Stephen Hester told MPs the tendency to assume that business inside the ring-fence was government-guaranteed and "safe" might encourage risky behaviour.

The ring-fence is designed to separate a bank's core activities from its riskier investment banking business.

The RBS boss was addressing the Banking Standards Committee alongside the heads of Lloyds and Standard Chartered.

The ring-fence, which was recommended by the Independent Commission on Banking headed by economist Sir John Vickers, would require banks to put their High Street banking operations into a strictly separated subsidiary, and is expected to be implemented by 2019.

'Simple banks'

"The language of ring-fencing has a huge risk of moral hazard," Mr Hester told the committee MPs, saying that it created the wrong impression that ring-fenced entities were so important that they could not be allowed to fail.

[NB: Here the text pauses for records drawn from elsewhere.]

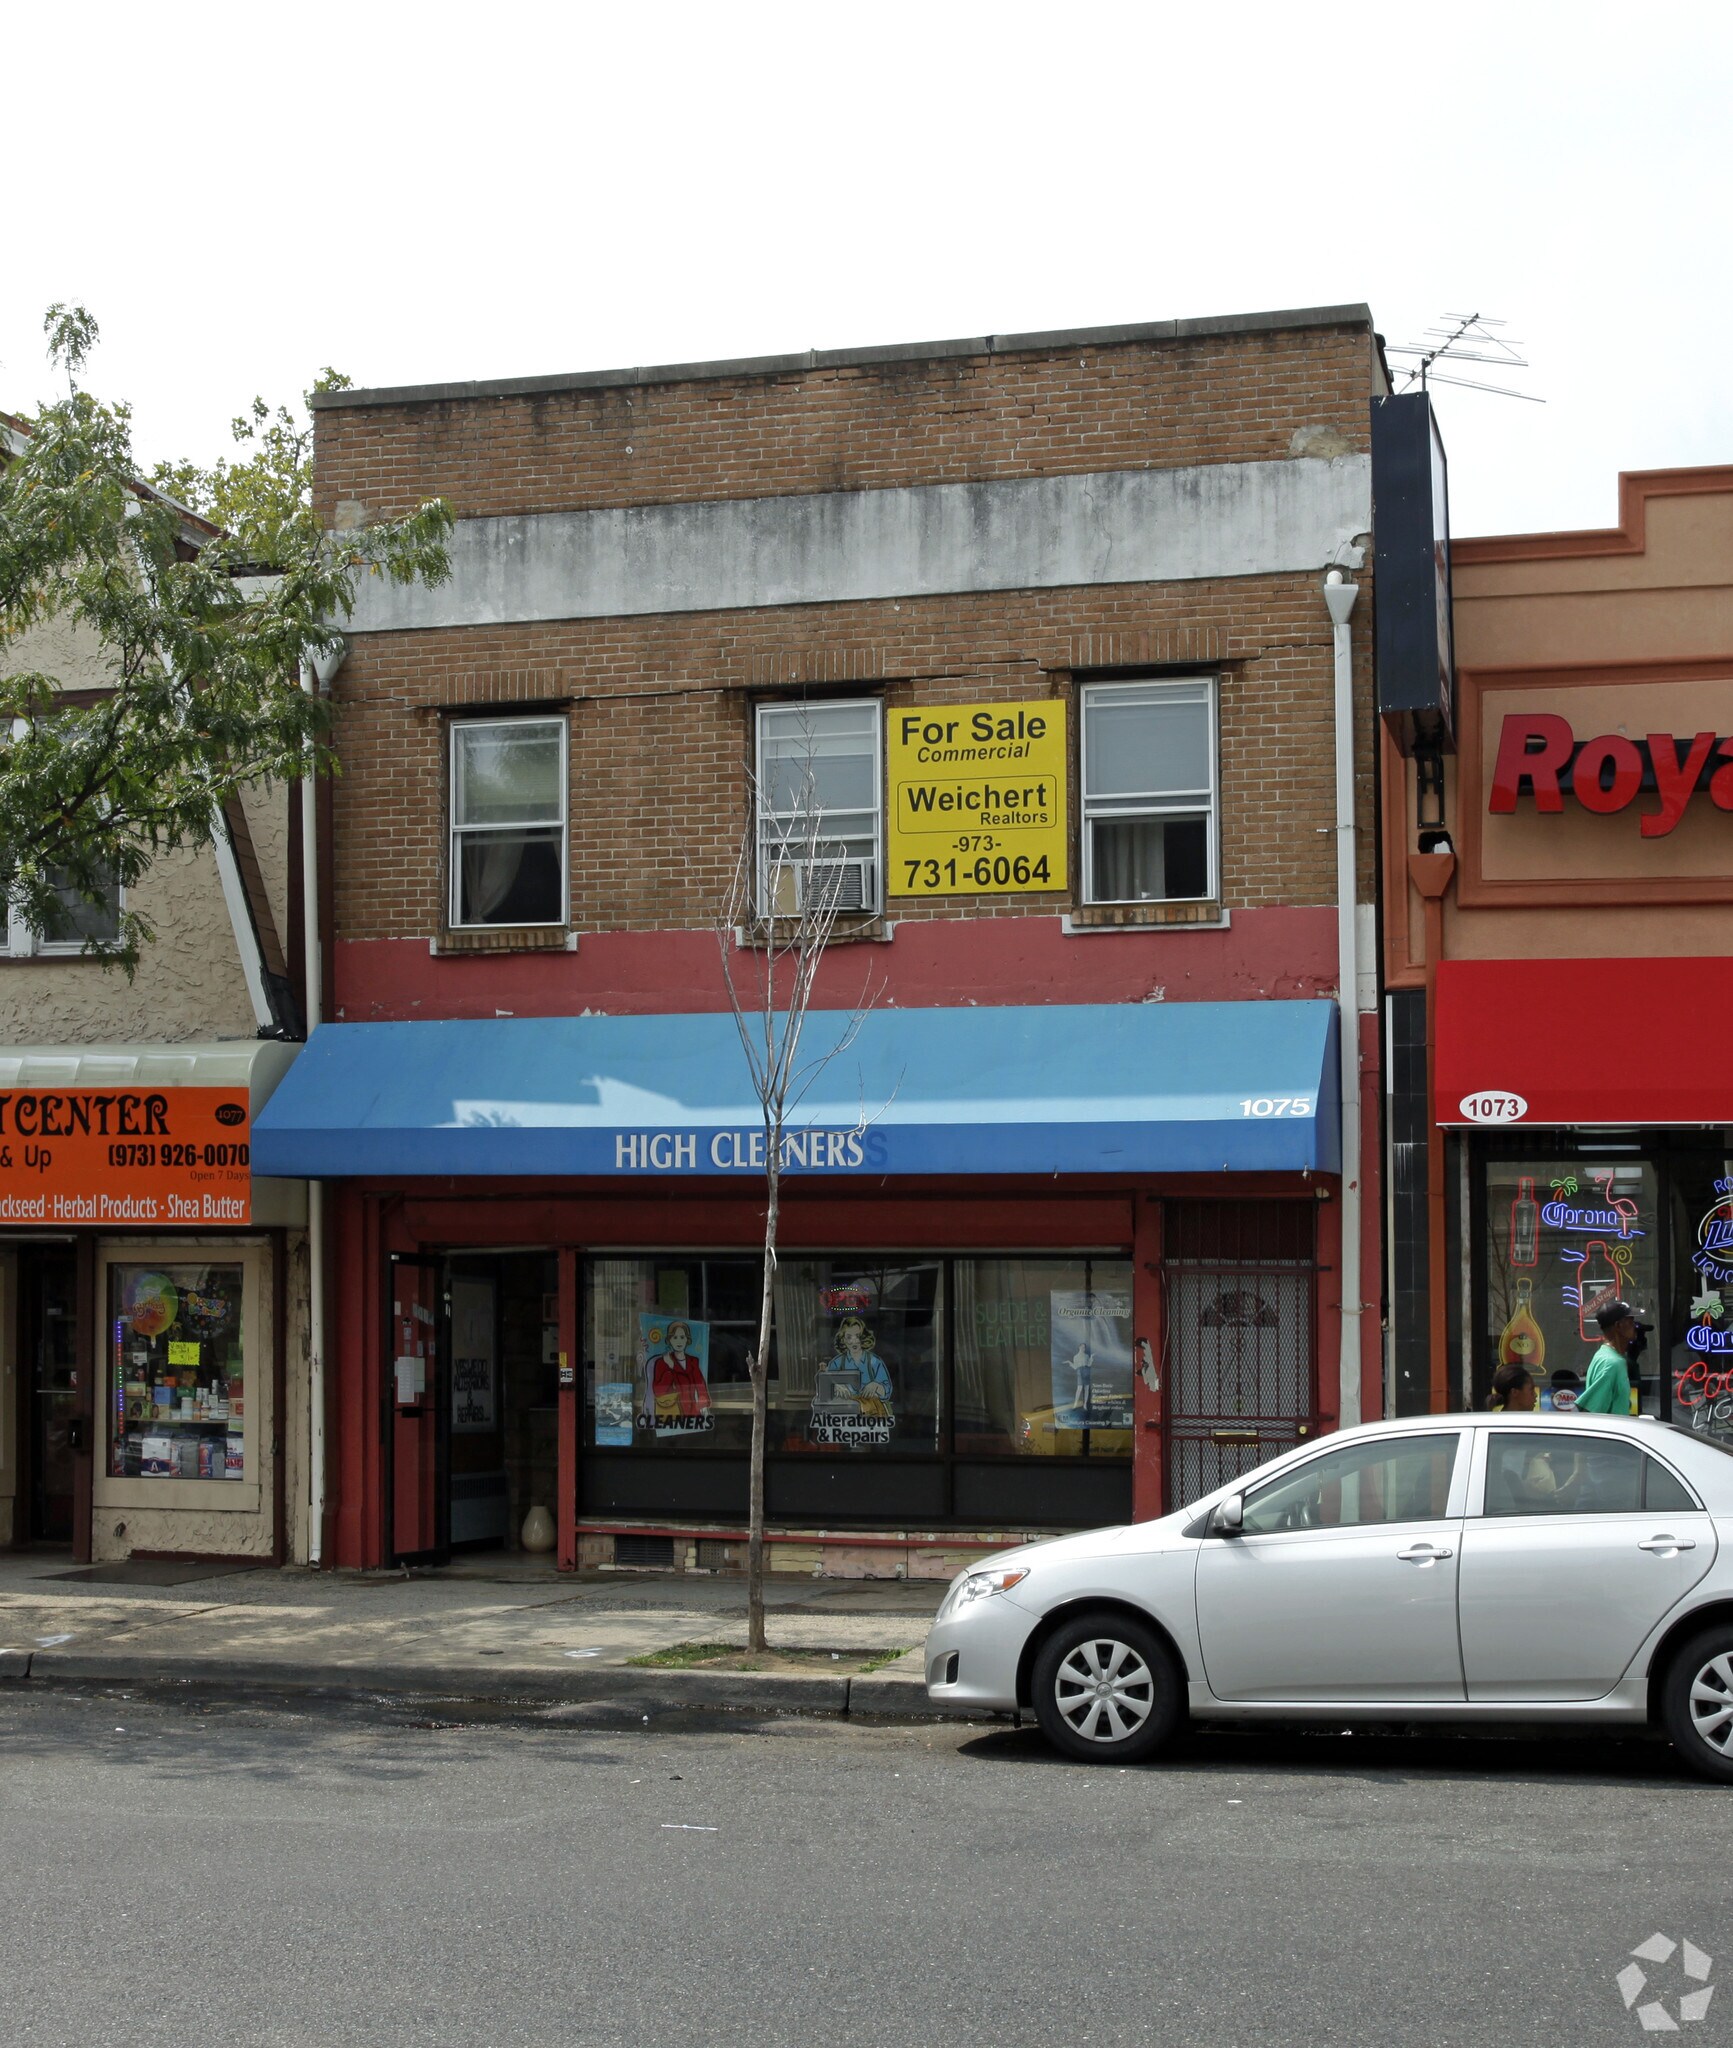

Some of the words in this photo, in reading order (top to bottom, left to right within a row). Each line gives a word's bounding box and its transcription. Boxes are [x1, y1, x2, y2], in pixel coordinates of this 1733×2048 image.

[901, 716, 959, 745] For
[971, 711, 1046, 742] Sale
[917, 742, 1030, 763] Commercial
[907, 783, 1047, 812] Weichert
[980, 811, 1048, 825] Realtors
[952, 835, 1002, 852] -973-
[904, 854, 1050, 888] 731-6064
[15, 1094, 171, 1136] CENTER
[217, 1109, 243, 1122] 1077
[1240, 1098, 1310, 1116] 1075
[1468, 1098, 1519, 1117] 1073
[25, 1145, 51, 1173] Up
[108, 1144, 155, 1166] (973)
[161, 1143, 249, 1166] 926-0070
[615, 1133, 697, 1168] HIGH
[190, 1170, 215, 1182] Open
[218, 1170, 223, 1180] 7
[226, 1170, 249, 1182] Days
[0, 1194, 44, 1217] ckseed
[53, 1195, 96, 1217] Herbal
[100, 1194, 157, 1218] Products
[167, 1194, 199, 1218] Shea
[203, 1194, 245, 1218] Butter
[1541, 1201, 1618, 1229] Corona
[976, 1301, 1028, 1324] SUEDE
[1034, 1301, 1047, 1323] &
[1057, 1306, 1092, 1319] Organic
[1093, 1306, 1131, 1319] Cleaning
[979, 1326, 1048, 1348] LEATHER
[1687, 1326, 1733, 1352] Cor
[637, 1413, 714, 1431] CLEANERS
[811, 1412, 895, 1427] Alterations
[818, 1428, 830, 1442] &
[832, 1427, 889, 1446] Repairs
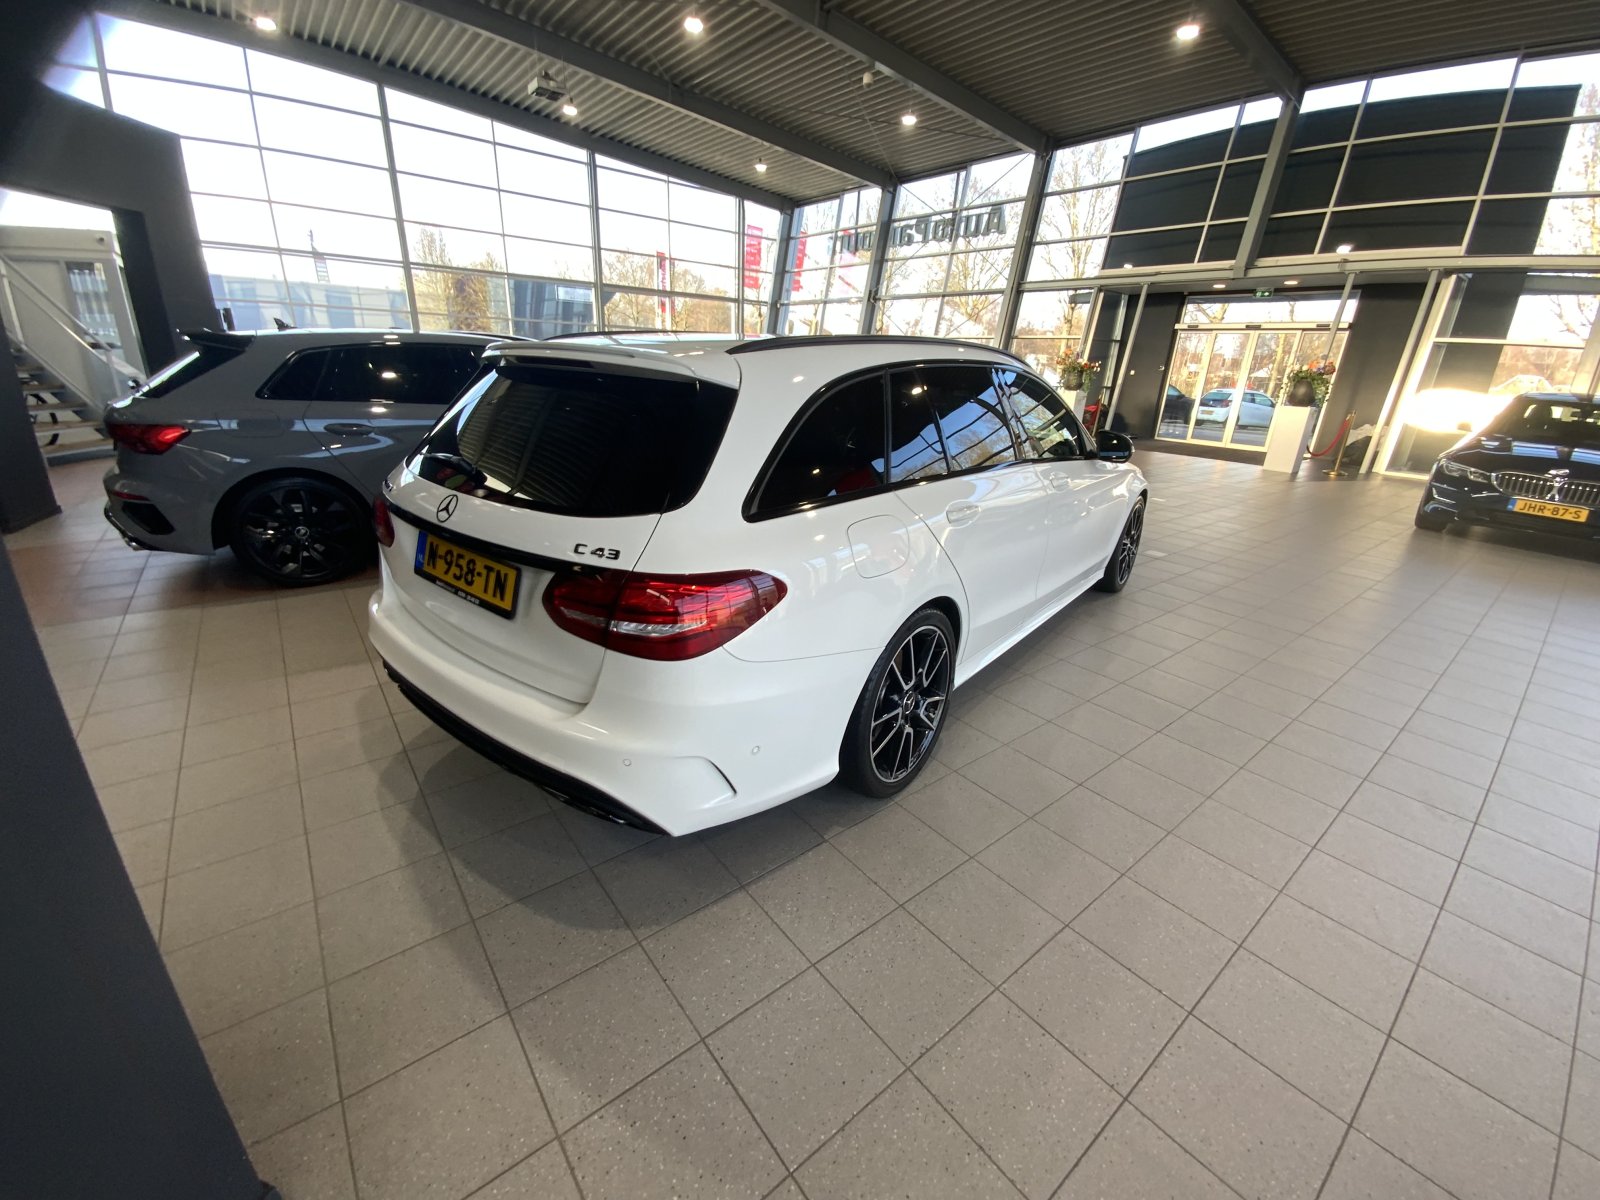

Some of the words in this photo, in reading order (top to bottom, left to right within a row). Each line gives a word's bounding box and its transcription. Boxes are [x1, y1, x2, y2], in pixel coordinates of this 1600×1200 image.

[1519, 502, 1582, 519] JHR-87-S
[573, 543, 588, 555] C
[590, 547, 620, 560] 43
[427, 541, 508, 602] N-958-TN
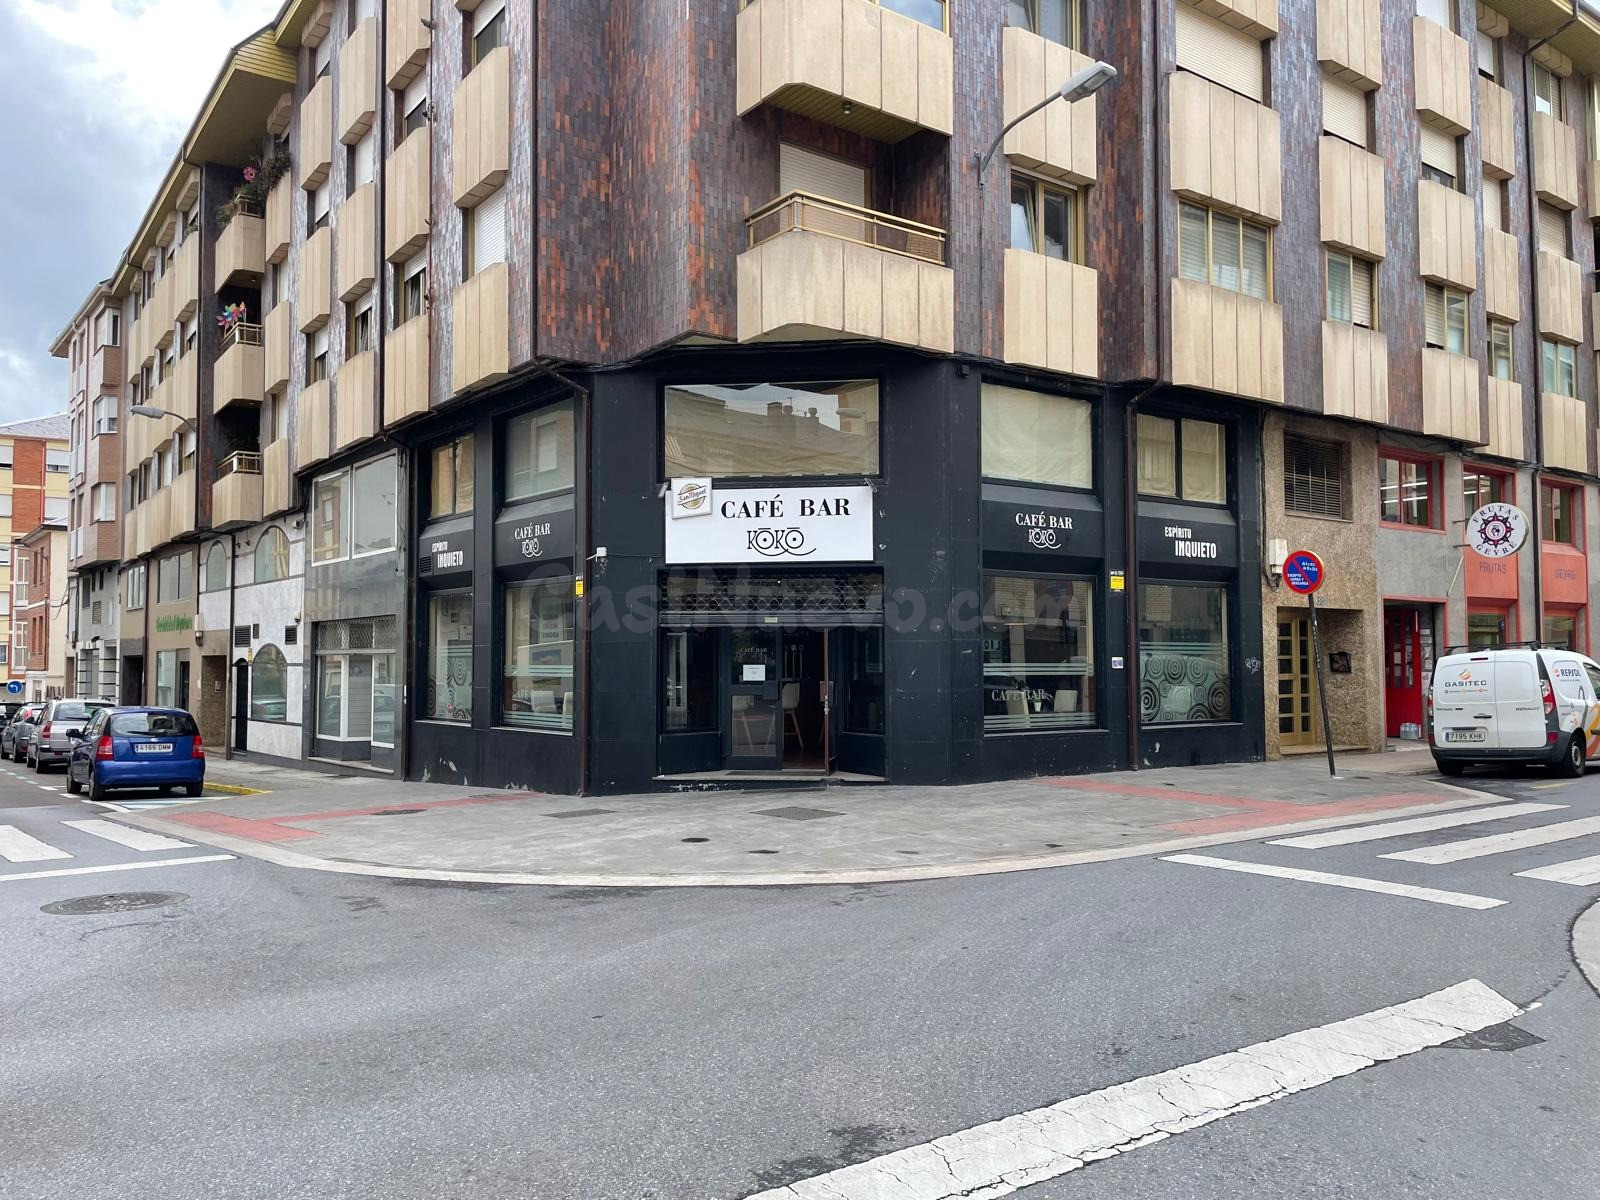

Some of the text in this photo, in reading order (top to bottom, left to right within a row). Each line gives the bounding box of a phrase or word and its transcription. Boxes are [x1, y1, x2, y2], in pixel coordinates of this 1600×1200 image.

[721, 494, 851, 518] CAFÉ BAR
[1015, 511, 1073, 529] CAFÉ BAR
[1473, 505, 1519, 523] FRUTAS
[514, 522, 551, 540] CAFÉ BAR
[1165, 525, 1191, 539] ESPÍRITU
[1175, 540, 1217, 559] INQUIETO
[1476, 541, 1517, 556] GEYRE
[437, 550, 464, 568] INQUIETO
[1480, 561, 1507, 574] FRUTAS
[1554, 568, 1577, 579] GEYRE
[1560, 668, 1582, 677] REPSOL
[1444, 680, 1487, 688] GASITEC
[1450, 732, 1483, 740] 7195 KHK

Moral hazard is a concept developed by economists and refers to a situation where an entity such as a bank expects to be rescued if it gets into trouble and therefore has an incentive to take bigger risks in the hope of making bigger profits.

Mr Hester said the main priority of legislators and regulators should now be the question of "bailing in" - the need to ensure that it is the bank's lenders who take the losses when it gets into trouble, not taxpayers.

The Royal Bank of Scotland chief executive claimed that it was wrong to assume that ordinary High Street banks - which would be included within the ring-fence - were less prone to collapse than investment banks.

"The biggest banking disasters have been simple banks. The largest number of banking disasters have been simple banks," he said.

He pointed to the failure of Northern Rock, the 1980s crisis among US savings and loans banks and the more recent Spanish banking crisis as examples of banks that would be expected to fall within the ring-fence getting into serious trouble.

He and Peter Sands, chief executive of Standard Chartered Bank, both said it was wrong to believe that it was dangerous to mix the cultures of investment banking and High Street or retail banking within the same institution.

"The heart of the mistakes that banking made was not putting serving customers well first," said Mr Hester.

"[Banks] too often saw customers as being somebody from whom to make money," he added, indicating that this was a cultural problem for the bank as a whole and not just an issue of the investment bank.

'Commando-like'

Mr Sands agreed that he wanted to see a single culture across the bank and a "whole-bank approach".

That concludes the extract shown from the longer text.